[Int16] Add 16a8w support for avg_pool op

Ninja91 · Ninja91 · commit f08ae5a522b8 · 2025-11-04T16:16:44.000-08:00
Adds 16a8w quantized support for avg_pool op. Differential Revision: [D86236826](https://our.internmc.facebook.com/intern/diff/D86236826/) [ghstack-poisoned]
diff --git a/backends/arm/operators/op_avg_pool2d.py b/backends/arm/operators/op_avg_pool2d.py
@@ -134,6 +134,43 @@ def define_node(
             input_zp = 0
             output_zp = 0
 
+            self._build_generic_avgpool2d(
+                node, tosa_graph, inputs, output, input_zp, output_zp, accumulator_type
+            )
+
+
+@register_node_visitor
+class AvgPool2dVisitor_INT16(AvgPool2dVisitor):
+    target = "aten.avg_pool2d.default"
+
+    tosa_specs = [
+        TosaSpecification.create_from_string("TOSA-1.0+INT+int16"),
+    ]
+
+    def __init__(self, *args):
+        super().__init__(*args)
+
+    def define_node(
+        self,
+        node: torch.fx.Node,
+        tosa_graph: Any,
+        inputs: List[TosaArg],
+        output: TosaArg,
+    ) -> None:
+        validate_num_inputs(self.target, inputs, [3, 4, 5, 6, 7])
+        validate_same_dtype(self.target, [inputs[0], output], ts)
+        validate_valid_dtype(
+            self.target, [inputs[0], output], ts.DType.INT16, output.tosa_spec
+        )
+
+        accumulator_type = ts.DType.INT32
+
+        input_qargs = get_input_qparams(node)
+        input_zp = input_qargs[0].get_zp_per_tensor()
+
+        output_qargs = get_output_qparams(node)
+        output_zp = output_qargs[0].get_zp_per_tensor()
+
         self._build_generic_avgpool2d(
             node, tosa_graph, inputs, output, input_zp, output_zp, accumulator_type
         )
diff --git a/backends/arm/test/ops/test_avg_pool2d.py b/backends/arm/test/ops/test_avg_pool2d.py
@@ -12,6 +12,11 @@
 
 import torch
 
+from executorch.backends.arm.quantizer import arm_quantizer
+from executorch.backends.arm.quantizer.arm_quantizer import (
+    get_symmetric_a16w8_quantization_config,
+    TOSAQuantizer,
+)
 from executorch.backends.arm.test import common
 
 from executorch.backends.arm.test.tester.test_pipeline import (
@@ -22,6 +27,8 @@
     TosaPipelineINT,
     VgfPipeline,
 )
+from executorch.backends.arm.tosa import TosaSpecification
+from executorch.backends.xnnpack.test.tester import Quantize
 
 aten_op = "torch.ops.aten.avg_pool2d.default"
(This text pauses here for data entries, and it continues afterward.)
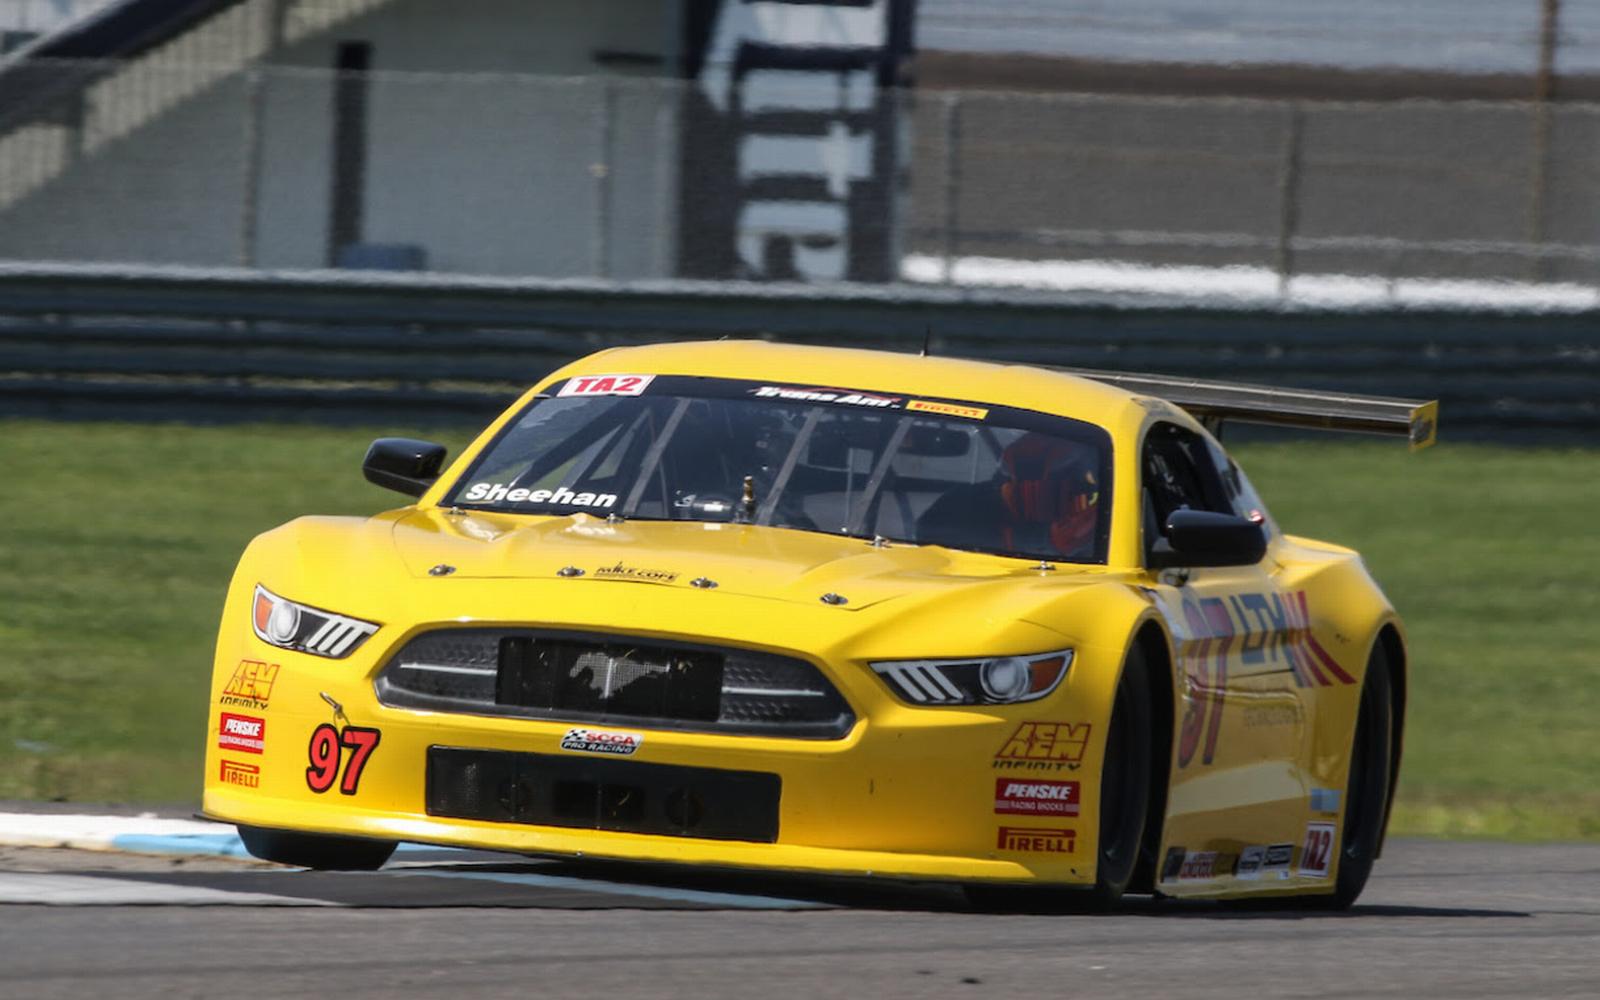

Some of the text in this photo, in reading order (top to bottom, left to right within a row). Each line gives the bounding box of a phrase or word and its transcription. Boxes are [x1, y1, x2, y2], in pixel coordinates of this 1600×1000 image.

[574, 377, 643, 393] TA2
[755, 386, 837, 400] Trans
[914, 402, 977, 416] PIRELLI
[465, 483, 617, 507] Sheehan
[220, 695, 268, 710] INFINITY
[225, 718, 262, 737] PENSKE
[563, 741, 633, 753] PRO RACING
[586, 733, 635, 745] SCCA
[995, 721, 1092, 761] AEM
[306, 723, 382, 796] 97
[992, 760, 1081, 771] INFINITY
[220, 759, 260, 788] PIRELLI
[1004, 783, 1072, 800] PENSKE
[1011, 801, 1036, 810] RACING
[998, 826, 1076, 853] PIRELLI
 exir_op = "executorch_exir_dialects_edge__ops_aten_avg_pool2d_default"
@@ -232,3 +239,97 @@ def test_avg_pool2d_u55_INT_not_delegated(reject_module):
         u55_subset=True,
     )
     pipeline.run()
+
+
+def get_symmetric_a16w8_avg_pool2d_quantizer(per_channel_quantization=False):
+    tosa_version = conftest.get_option("tosa_version")
+    tosa_profiles = {
+        "1.0": TosaSpecification.create_from_string("TOSA-1.0+INT+int16"),
+    }
+
+    quantizer = TOSAQuantizer(tosa_profiles[tosa_version])
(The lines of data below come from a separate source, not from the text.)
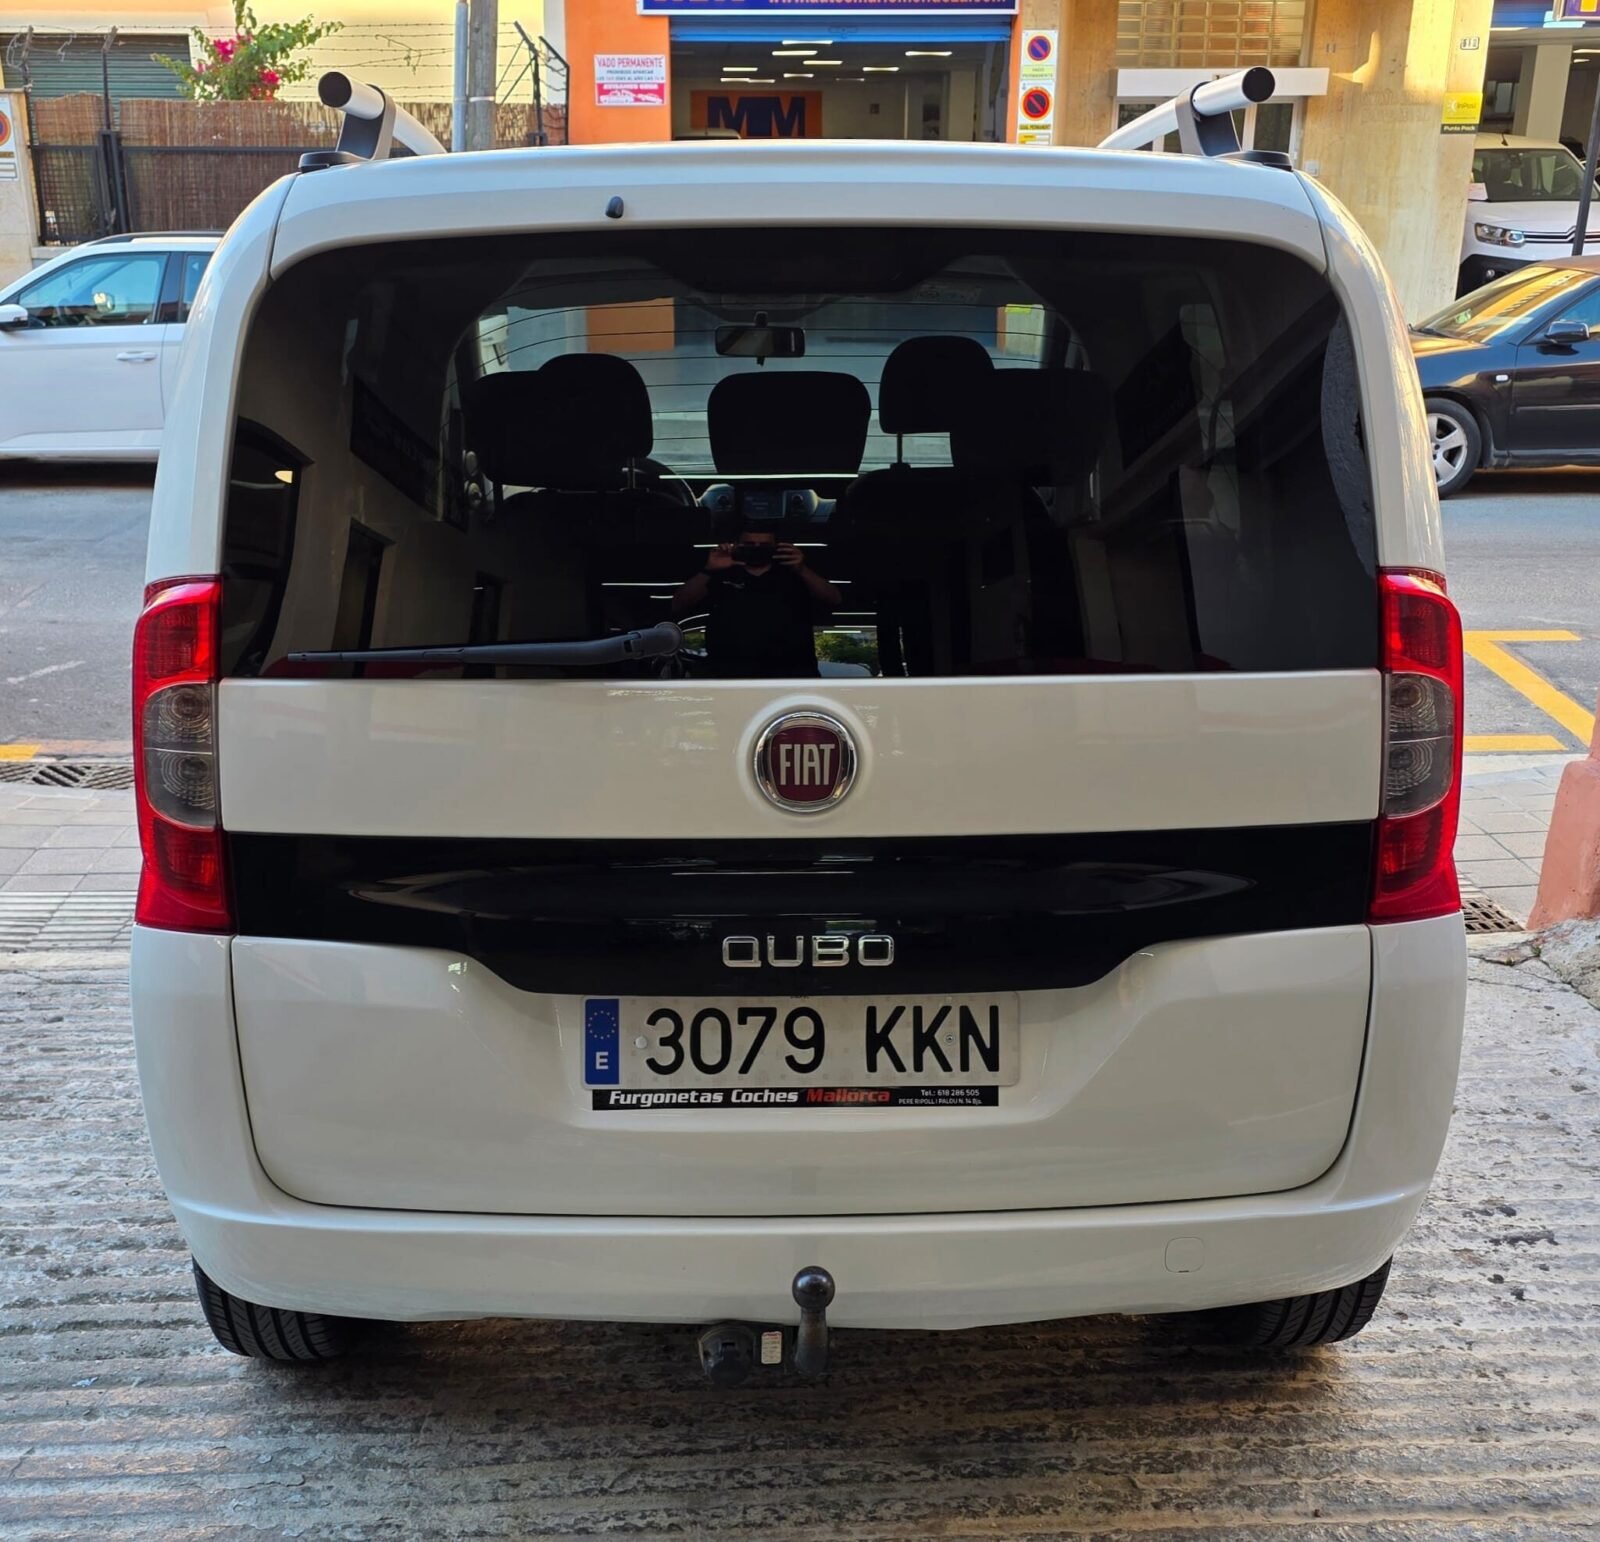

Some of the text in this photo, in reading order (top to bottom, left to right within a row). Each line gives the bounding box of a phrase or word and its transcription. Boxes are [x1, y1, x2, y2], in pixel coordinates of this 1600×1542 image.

[597, 57, 663, 68] VADO PERMANENTE
[779, 743, 835, 786] FIAT
[722, 934, 895, 968] QUBO
[646, 1005, 999, 1075] 3079 KKN
[595, 1051, 609, 1070] E
[609, 1088, 891, 1107] Furgonetas Coches Mallorca
+    quantizer.set_global(
+        get_symmetric_a16w8_quantization_config(is_per_channel=per_channel_quantization)
+    )
+
+    return Quantize(
+        quantizer,
+        get_symmetric_a16w8_quantization_config(
+            is_per_channel=per_channel_quantization
+        ),
+    )
+
+
+@common.parametrize("test_module", test_modules)
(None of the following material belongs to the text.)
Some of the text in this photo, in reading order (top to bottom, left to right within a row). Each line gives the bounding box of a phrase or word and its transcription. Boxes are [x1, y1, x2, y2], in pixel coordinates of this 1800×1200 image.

+def test_avg_pool2d_16a8w_tosa_INT(test_module):
+    """Test avg_pool2d operation with 16A8W quantization (16-bit activations, 8-bit weights)"""
+    model, input_tensor = test_module()
+    per_channel_quantization = False
+
+    pipeline = TosaPipelineINT[input_t](
+        model,
+        input_tensor,
+        aten_op,
+        exir_op=[],
+        per_channel_quantization=per_channel_quantization,
+        use_to_edge_transform_and_lower=True,
+        tosa_extensions=["int16"],
+    )
+
+    pipeline.change_args(
+        "quantize",
+        get_symmetric_a16w8_avg_pool2d_quantizer(
+            per_channel_quantization=per_channel_quantization
+        ),
+    )
+    pipeline.run()
+
+
+@common.parametrize("test_module", test_modules)
+@common.XfailIfNoCorstone300
+def test_avg_pool2d_16a8w_u55_INT16(test_module):
+    """Test avg_pool2d operation with 16A8W quantization on U55 (16-bit activations, 8-bit weights)"""
+    model, input_tensor = test_module()
+    per_channel_quantization = False
+
+    pipeline = EthosU55PipelineINT[input_t](
+        model,
+        input_tensor,
+        aten_op,
+        exir_op,
+        per_channel_quantization=per_channel_quantization,
+        use_to_edge_transform_and_lower=True,
+    )
+
+    pipeline.change_args(
+        "quantize",
+        get_symmetric_a16w8_avg_pool2d_quantizer(
+            per_channel_quantization=per_channel_quantization
+        ),
+    )
+    pipeline.run()
+
+
+@common.parametrize("test_module", test_modules)
+@common.XfailIfNoCorstone320
+def test_avg_pool2d_16a8w_u85_INT16(test_module):
+    """Test avg_pool2d operation with 16A8W quantization on U85 (16-bit activations, 8-bit weights)"""
+    model, input_tensor = test_module()
+    per_channel_quantization = False
+
+    pipeline = EthosU85PipelineINT[input_t](
+        model,
+        input_tensor,
+        aten_op,
+        exir_op,
+        per_channel_quantization=per_channel_quantization,
+        use_to_edge_transform_and_lower=True,
+    )
+
+    pipeline.change_args(
+        "quantize",
+        get_symmetric_a16w8_avg_pool2d_quantizer(
+            per_channel_quantization=per_channel_quantization
+        ),
+    )
+    pipeline.run()